(Source records)

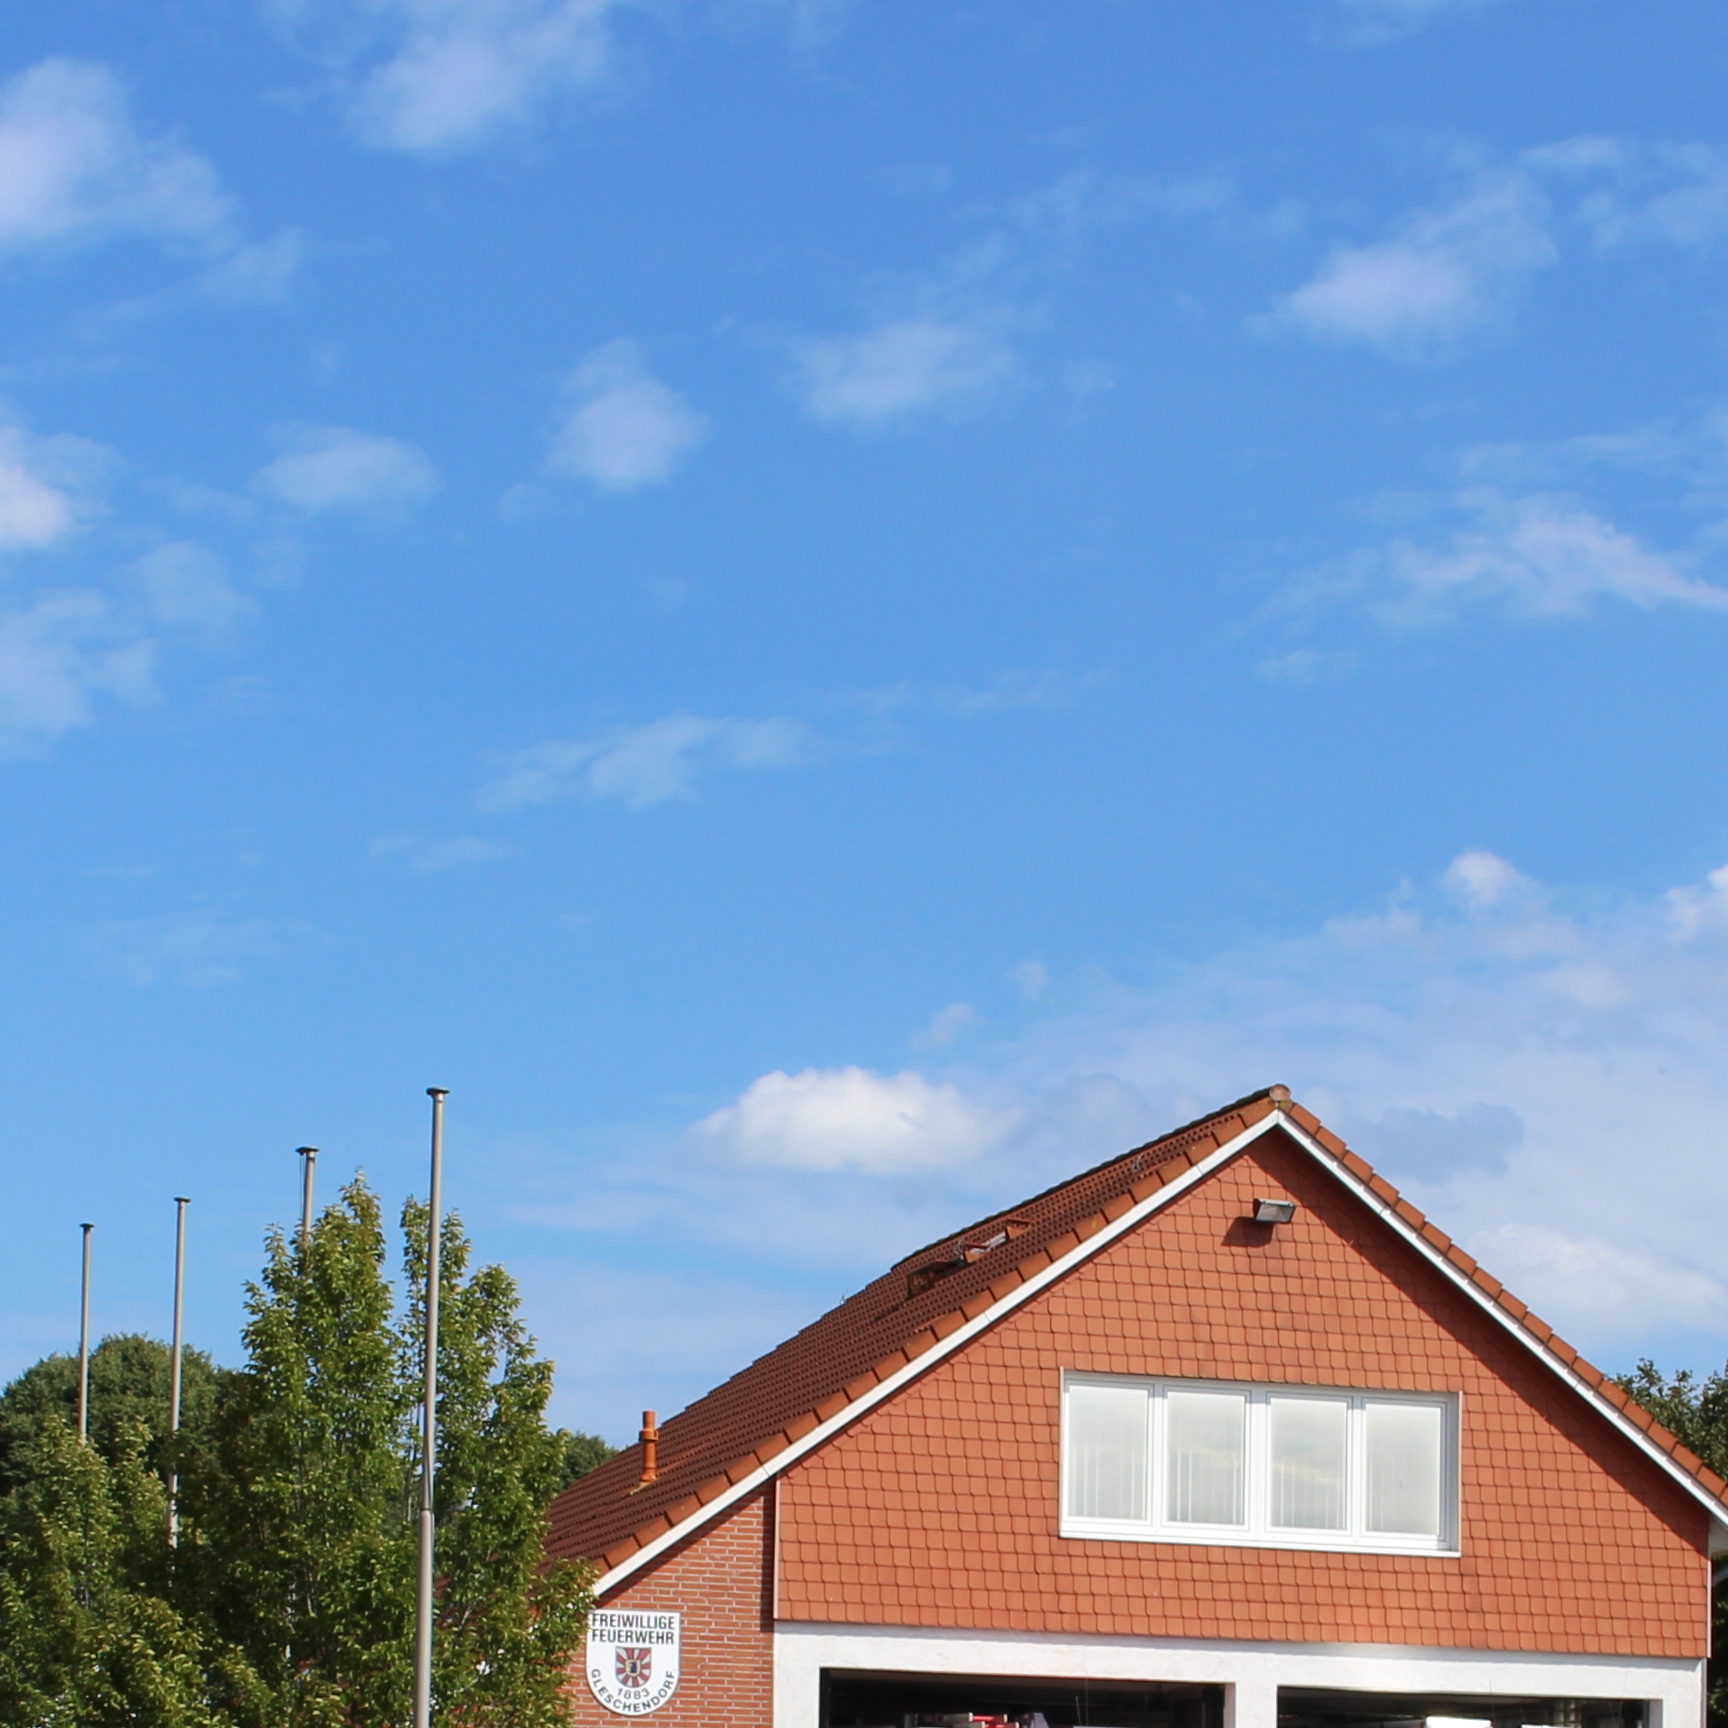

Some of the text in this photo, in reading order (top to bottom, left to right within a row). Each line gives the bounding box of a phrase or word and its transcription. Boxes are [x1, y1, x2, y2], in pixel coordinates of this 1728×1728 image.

[592, 1613, 675, 1630] FREIWILLIGE
[592, 1629, 674, 1645] FEUERWEHR
[591, 1668, 676, 1713] GLESCHENDORF
[617, 1688, 650, 1700] 1883

• **Problem to work on**: Without the pictures, please output every record exactly.

• **Response area**:
Some of the text in this photo, in reading order (top to bottom, left to right within a row). Each line gives the bounding box of a phrase or word and its transcription. Boxes are [x1, y1, x2, y2], in pixel coordinates of this 1728×1728 image.

[592, 1613, 675, 1630] FREIWILLIGE
[592, 1629, 674, 1645] FEUERWEHR
[591, 1668, 676, 1713] GLESCHENDORF
[617, 1688, 650, 1700] 1883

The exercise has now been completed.